Caraway Kidneys with Lentils and Spinach

Not everyone likes lamb’s kidneys but I crave them (and lamb’s liver) when they’ve been off the menu for a while. Here their rich flavour is surprised by aniseedy caraway, the little dark dried seeds ground to flour to sprinkle over soft, slippery onion. A couple of tomatoes – my last ripe big ones – give juice and a sweet, sour note to the red wine that sauces the bouncy kidney pillows. Lentils from a can thicken and complete the dish, perfect with a chunk of crusty bread to mop and slurp. Adding a bay leaf leaf, incidentally, to the lentils really lifts the flavours.

Serves 2

Prep: 20 min

Cook: 30 min

1 onion

1 tbsp olive oil

½ tsp caraway seeds

2 vine tomatoes

6 lamb’s kidneys

flour for dusting

100g young spinach leaves

150ml red wine

200g cooked Puy/brown lentils

1 bay leaf

     Halve, peel and finely chop the onion. Heat the olive oil in a spacious, lidded sauté/frying pan, stir in the onion and adjust the heat to medium-low, so it cooks steadily without browning. Allow about 15 minutes, stirring regularly, adding a pinch of salt to help the onion to melt and soften. Meanwhile, use a pestle and mortar to pound the caraway to dust or as close to dust as you can manage. Boil the kettle. Place the tomatoes in a bowl and cover with boiling water. Count to 30, drain, cut out the core in a pointed plug shape and swipe away the skin. Chop into small scraps. Slice chunks of bite-size chunks of kidney off the white central core; probably 4 pieces per kidney. Dust with flour. Wash the spinach and drain in a colander. When the onion looks soft and gooey, stir in the caraway, stirring for 30 seconds or so, then move it to the side of the pan and let the oil trickle back into the centre.

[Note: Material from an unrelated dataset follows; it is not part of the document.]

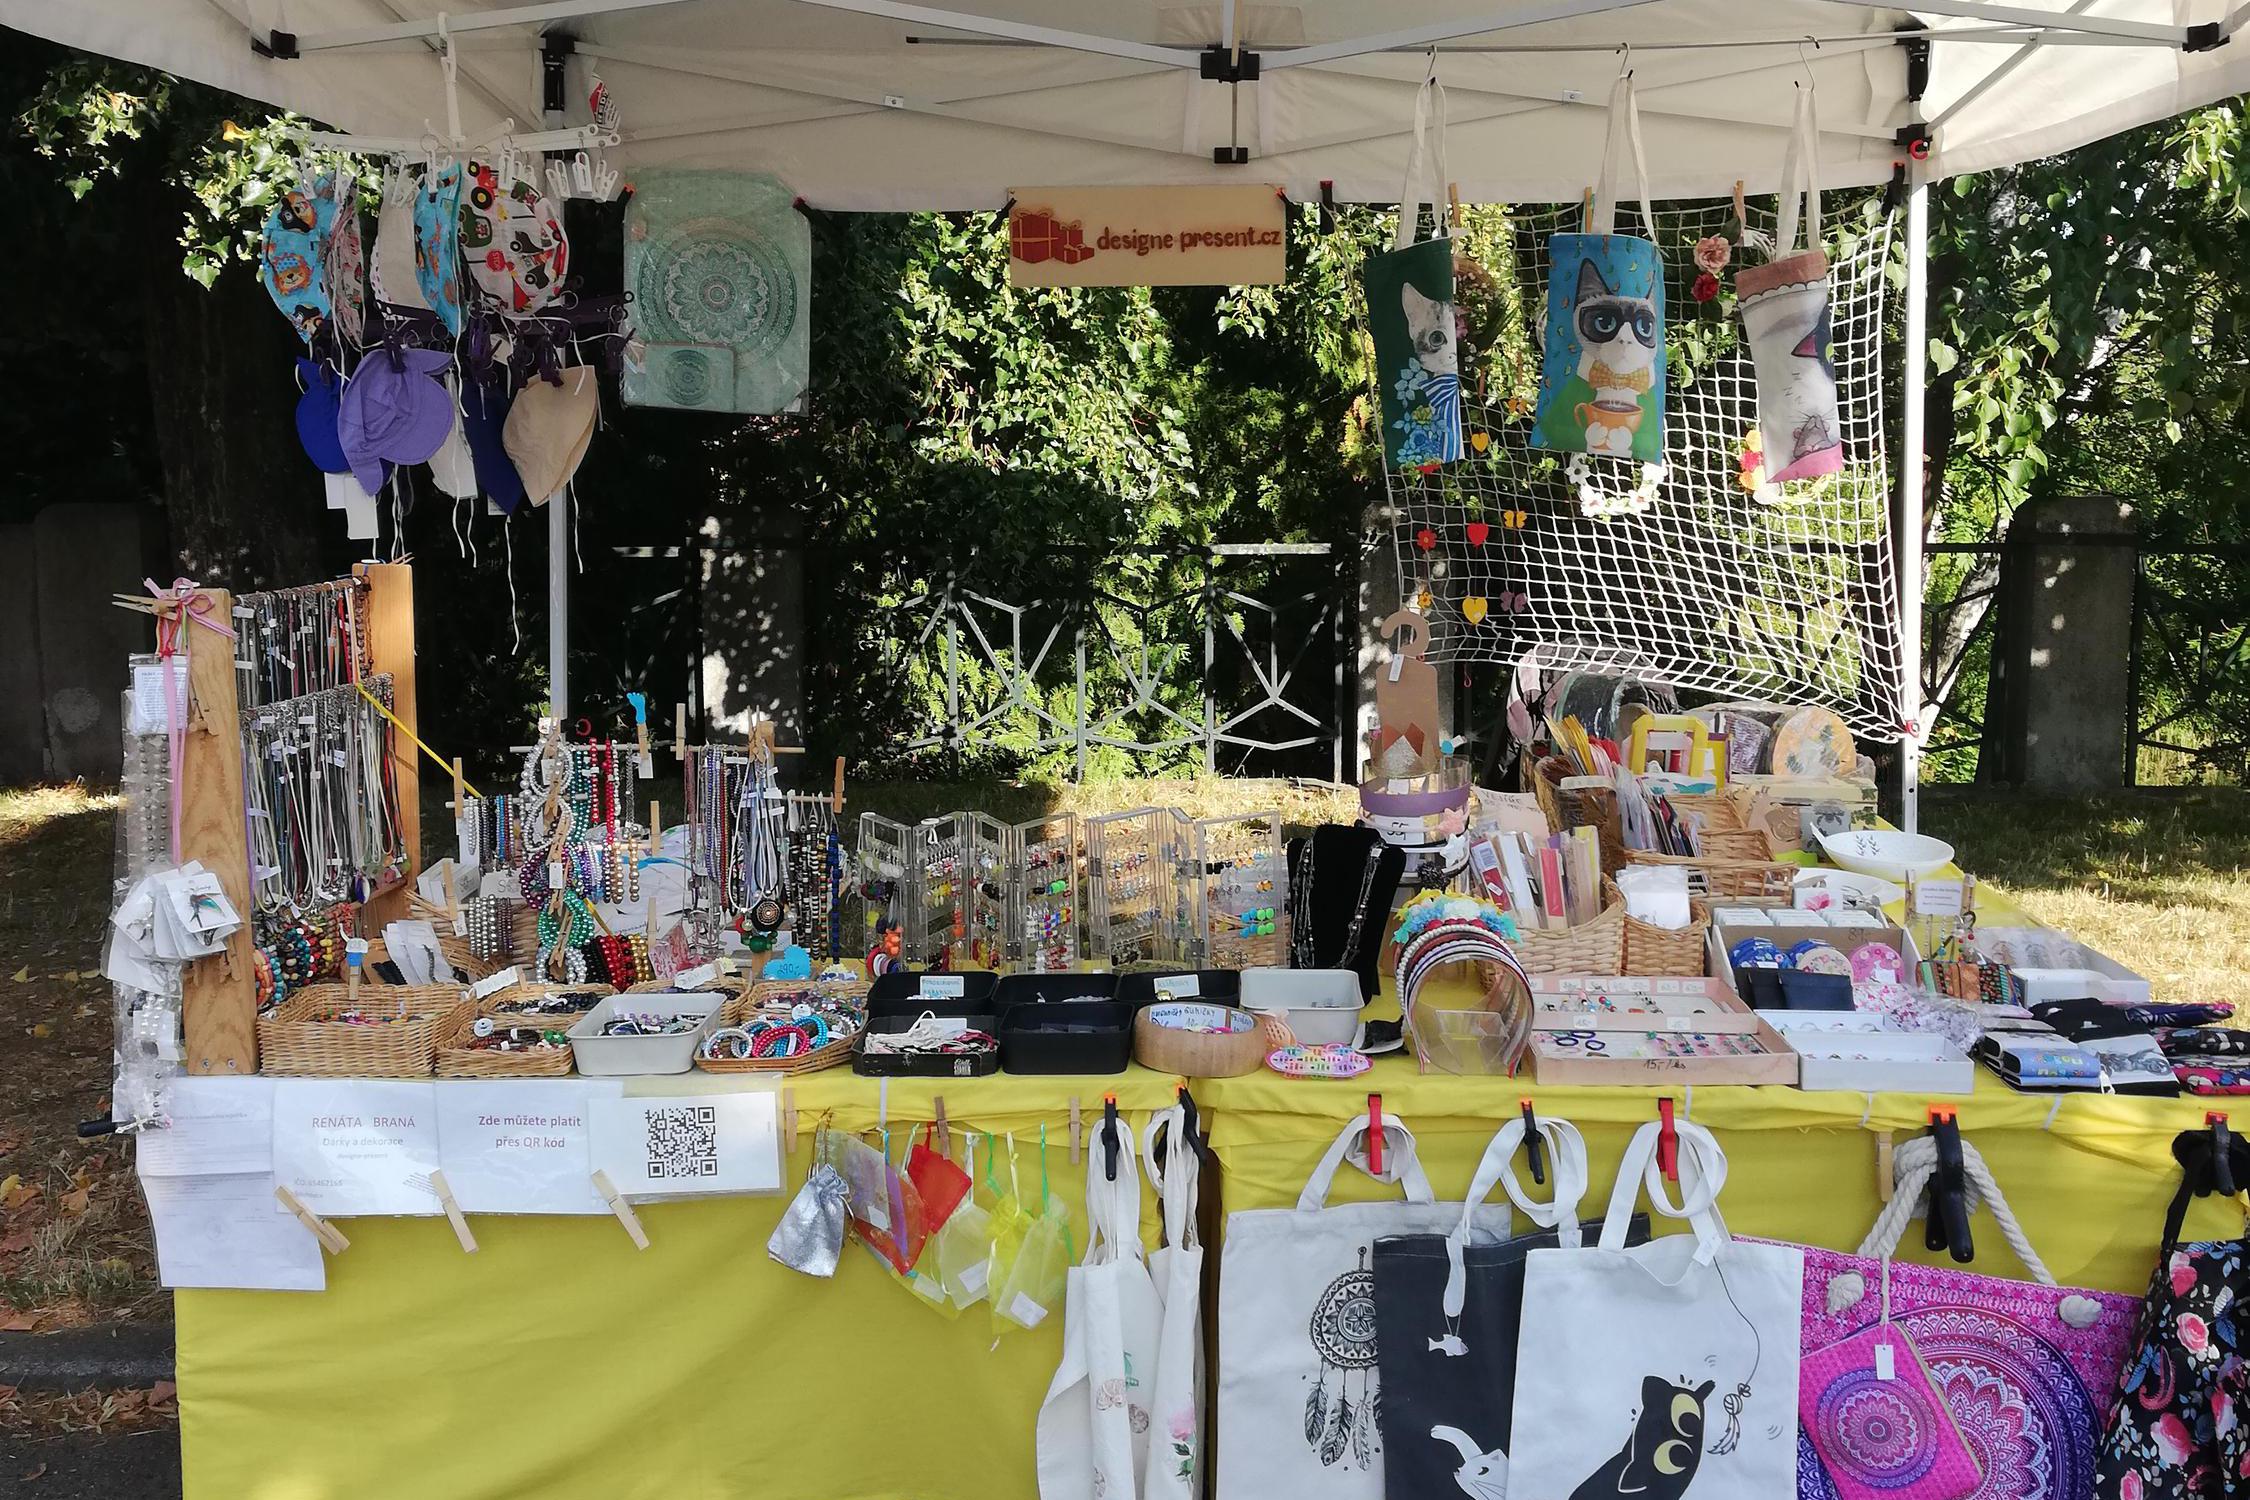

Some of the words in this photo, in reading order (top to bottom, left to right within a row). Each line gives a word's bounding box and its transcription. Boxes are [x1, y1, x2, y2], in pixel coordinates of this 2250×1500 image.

Add the kidneys and cook for a couple of minutes before stirring to turn. Continue thus for a few minutes until plump and browned then add the wine, stirring as it bubbles up, continuing to make a thick, smooth onion-flecked sauce for the kidneys. Season lightly with salt and pepper and add the tomatoes followed by the lentils and bay leaf. Reduce the heat, semi-cover the pan and cook for 10 minutes. Discard the lid, stir in the spinach – it will seem an impossible amount to begin with but soon melts – stirring until the spinach is wilted. Serve now or reheat later.